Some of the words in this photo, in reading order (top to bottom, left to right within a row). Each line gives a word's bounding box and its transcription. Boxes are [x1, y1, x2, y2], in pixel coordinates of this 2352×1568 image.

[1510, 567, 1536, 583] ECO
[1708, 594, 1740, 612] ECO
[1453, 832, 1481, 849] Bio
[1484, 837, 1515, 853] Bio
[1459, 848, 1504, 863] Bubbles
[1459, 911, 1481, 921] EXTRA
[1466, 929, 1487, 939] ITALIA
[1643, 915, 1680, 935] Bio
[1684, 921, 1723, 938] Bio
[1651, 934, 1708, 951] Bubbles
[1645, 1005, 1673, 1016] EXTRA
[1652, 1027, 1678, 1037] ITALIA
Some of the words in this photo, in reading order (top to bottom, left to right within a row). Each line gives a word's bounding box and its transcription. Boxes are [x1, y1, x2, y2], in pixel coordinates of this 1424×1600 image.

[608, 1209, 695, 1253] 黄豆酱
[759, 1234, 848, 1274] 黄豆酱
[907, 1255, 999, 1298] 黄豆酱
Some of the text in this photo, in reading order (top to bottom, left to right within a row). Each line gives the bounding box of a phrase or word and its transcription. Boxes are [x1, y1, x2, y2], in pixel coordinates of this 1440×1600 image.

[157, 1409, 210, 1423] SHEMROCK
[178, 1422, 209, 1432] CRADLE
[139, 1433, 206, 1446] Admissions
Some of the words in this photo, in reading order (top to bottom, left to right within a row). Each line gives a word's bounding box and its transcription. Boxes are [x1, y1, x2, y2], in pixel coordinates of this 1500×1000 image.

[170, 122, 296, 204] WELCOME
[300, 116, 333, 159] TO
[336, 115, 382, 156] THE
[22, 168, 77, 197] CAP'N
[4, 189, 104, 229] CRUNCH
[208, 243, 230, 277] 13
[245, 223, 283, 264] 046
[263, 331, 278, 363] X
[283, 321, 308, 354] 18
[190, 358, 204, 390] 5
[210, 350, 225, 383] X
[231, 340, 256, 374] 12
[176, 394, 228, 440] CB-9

════════

The full listing is to be written out again, exactly as shown.

• [Solution to this exercise]
Some of the words in this photo, in reading order (top to bottom, left to right within a row). Each line gives a word's bounding box and its transcription. Boxes are [x1, y1, x2, y2], in pixel coordinates of this 2352×1568 image.

[1510, 567, 1536, 583] ECO
[1708, 594, 1740, 612] ECO
[1453, 832, 1481, 849] Bio
[1484, 837, 1515, 853] Bio
[1459, 848, 1504, 863] Bubbles
[1459, 911, 1481, 921] EXTRA
[1466, 929, 1487, 939] ITALIA
[1643, 915, 1680, 935] Bio
[1684, 921, 1723, 938] Bio
[1651, 934, 1708, 951] Bubbles
[1645, 1005, 1673, 1016] EXTRA
[1652, 1027, 1678, 1037] ITALIA
Some of the words in this photo, in reading order (top to bottom, left to right within a row). Each line gives a word's bounding box and its transcription. Boxes are [x1, y1, x2, y2], in pixel coordinates of this 1424×1600 image.

[608, 1209, 695, 1253] 黄豆酱
[759, 1234, 848, 1274] 黄豆酱
[907, 1255, 999, 1298] 黄豆酱
Some of the text in this photo, in reading order (top to bottom, left to right within a row). Each line gives the bounding box of a phrase or word and its transcription. Boxes are [x1, y1, x2, y2], in pixel coordinates of this 1440×1600 image.

[157, 1409, 210, 1423] SHEMROCK
[178, 1422, 209, 1432] CRADLE
[139, 1433, 206, 1446] Admissions
Some of the words in this photo, in reading order (top to bottom, left to right within a row). Each line gives a word's bounding box and its transcription. Boxes are [x1, y1, x2, y2], in pixel coordinates of this 1500×1000 image.

[170, 122, 296, 204] WELCOME
[300, 116, 333, 159] TO
[336, 115, 382, 156] THE
[22, 168, 77, 197] CAP'N
[4, 189, 104, 229] CRUNCH
[208, 243, 230, 277] 13
[245, 223, 283, 264] 046
[263, 331, 278, 363] X
[283, 321, 308, 354] 18
[190, 358, 204, 390] 5
[210, 350, 225, 383] X
[231, 340, 256, 374] 12
[176, 394, 228, 440] CB-9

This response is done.